There are many other provisions in the S.B. 9 This means many local governments won’t need to take any action to mitigate the legal impact. Dylan Casey is the executive director at the California Renters Legal Advocacy and Education Fund.
The Bay Area has large hills, which are located in and around the city. [Southern California]Those are high-severity fire zones, and all are exempt. Exempt are historic areas. Casey says it’s a problem of policy. These areas all allow single-family homes. They are considered areas suitable to be lived in by the local government.
This is not a new phenomenon. California housing politics have been a game of cat-and mouse since the beginning. There is a state government constantly trying to improve production but there are local governments trying to keep new homes from coming up in their territory.
For instance, the first California law deregulating the construction of accessory dwelling units (ADUs)—alternatively called granny flats, in-law suites, or casitas—dates back to 1982. These units were still blocked by cities, who imposed unreasonable height and dimensions restrictions on them. They also required them to have off-street parking or charged prohibitive fees.

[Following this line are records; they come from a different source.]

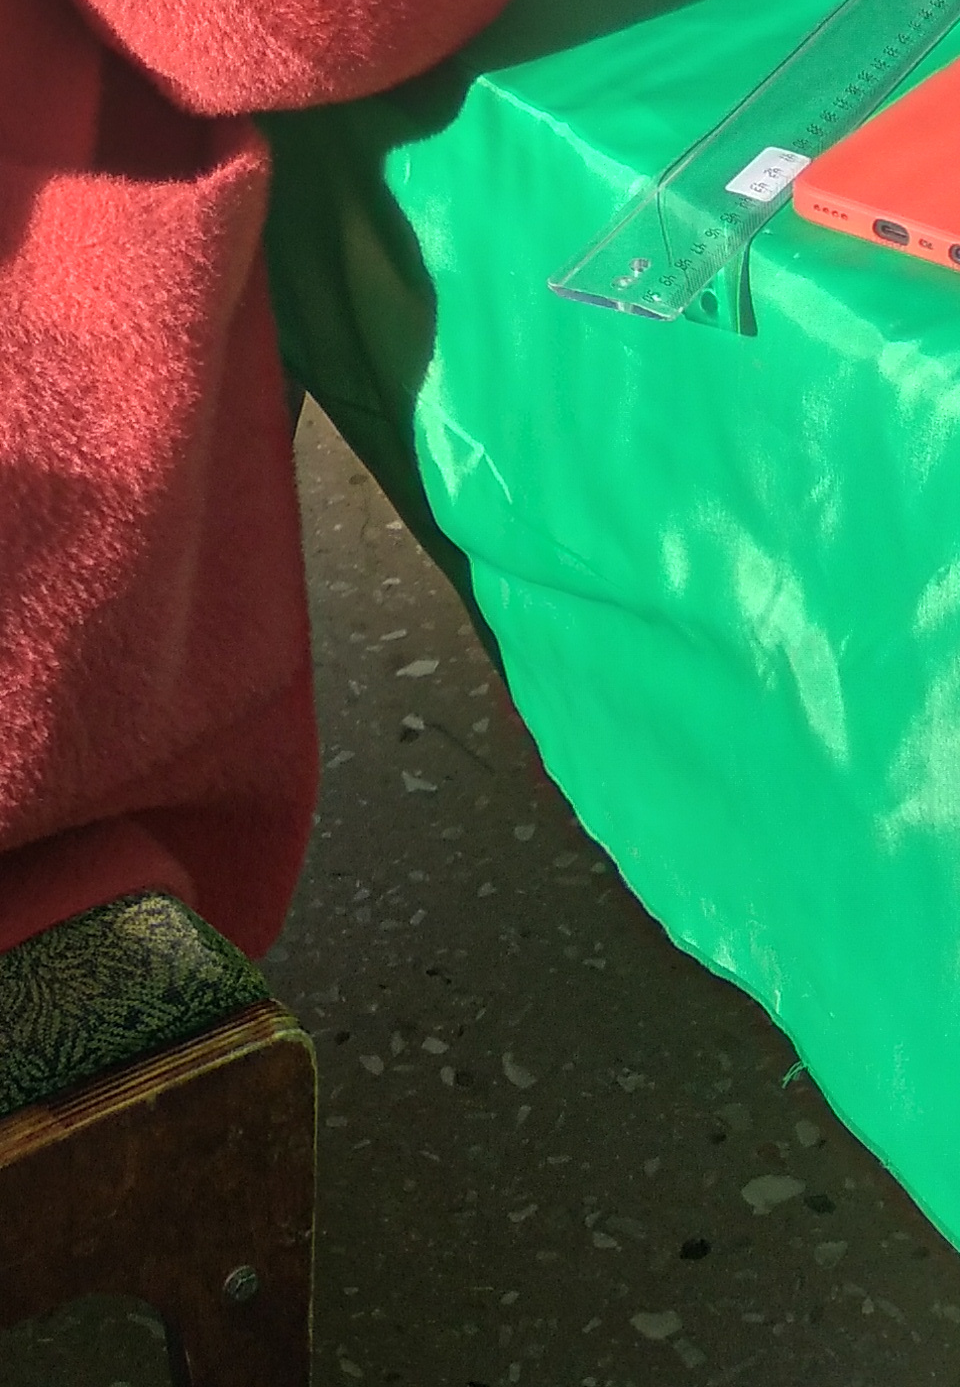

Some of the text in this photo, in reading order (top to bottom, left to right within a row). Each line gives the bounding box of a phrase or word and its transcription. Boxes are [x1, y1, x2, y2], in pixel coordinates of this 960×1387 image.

[764, 166, 783, 179] 42
[751, 182, 769, 193] 43
[704, 226, 722, 239] 46
[691, 243, 706, 255] 47
[674, 257, 692, 272] 48
[661, 274, 677, 287] 49

Over the course of 37 years, 13 more bills were passed to reduce those fees and regulations to allow homeowners to convert their garage or shed into housing.
Casey says, “If cities have the opportunity to place barriers to certain laws,”

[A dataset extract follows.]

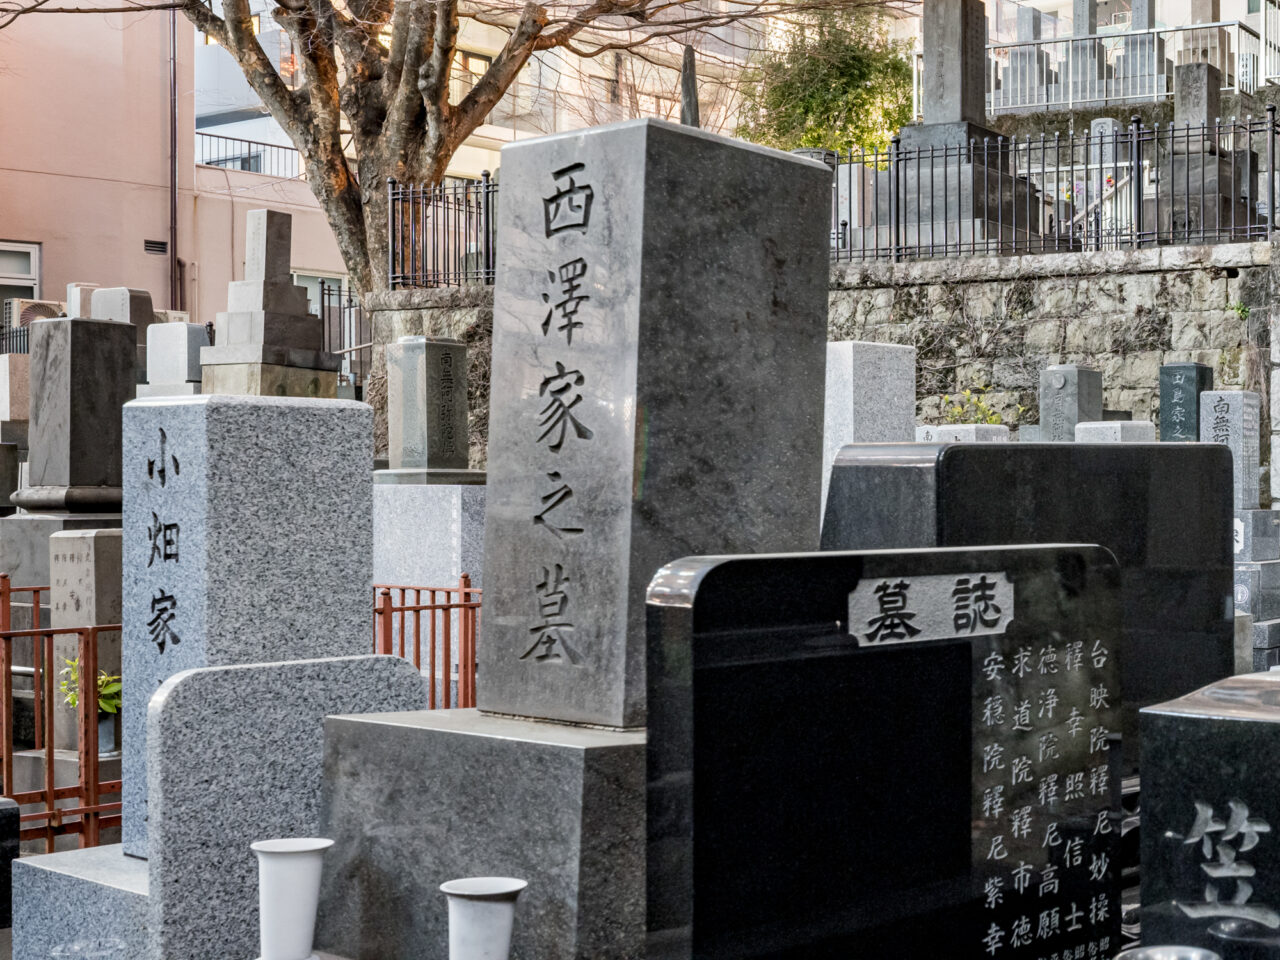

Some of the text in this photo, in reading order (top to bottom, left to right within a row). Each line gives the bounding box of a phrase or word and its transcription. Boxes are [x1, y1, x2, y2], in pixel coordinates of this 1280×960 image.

According to him, the state has a much better start point when it comes to S.B. 9. It is illegal for cities to impose restrictions on the size or shape of duplexes. But, the law does not bar municipalities from blocking these new houses. He suggests that more legislative action is required.
Unenforced laws, even those that are most favorable to supply housing, can make a law unenforceable. Without consequence, local governments may dismantle state-legalized projects.
CaRLA, an organization of libertarian public interests lawyers, had to mount a number of legal challenges to get hold out local governments to cease enforcing illegal ADU regulations.
It is good to know that high housing costs are becoming a major issue in California. And as people begin to realize that poor zoning laws can be to blame, the state has taken an aggressive stance against “not my backyard” (NIMBY), local governments.
Sonja Trauss is the executive director at YIMBY Law. The law also sued cities for unlawfully closing down housing projects. The attorney general could enforce, and it was the norm. But they didn’t.
California Attorney General Rob Bonta, in November announced that a 12 person unit was created within the Department of Justice of the state to enforce tenant protection and state housing laws. A new Housing Accountability Unit was also established by the state’s Department of Housing and Community Development to enforce housing laws.
The company has already written a series of warning letters to San Francisco advising them of the possibility that delays in two zones-compliant apartments projects are likely violating state law. San Francisco’s refusal to grant the same projects is why YIMBY Law sued.
Experiments from all over the country have shown that it is difficult to eliminate single-family-only zones laws. This can lead to increased housing construction. If done correctly, you can achieve some incredible results.
California’s efforts for legalization of ADUs over the years have finally paid off. CityLab This is described as “a backyard apartment explosion.” The permits are available in as little as a matter of hours. A homeowner can also build their new home within just two to three months. New technologies are being used by builders to reduce costs and speed up construction. This is what happens if you do not regulate a product until it dies.
We hope that an aggressive combination of pro-supply laws and public and private enforcement will create a similar duplex revolution. A few of these could be used to house mountain lions.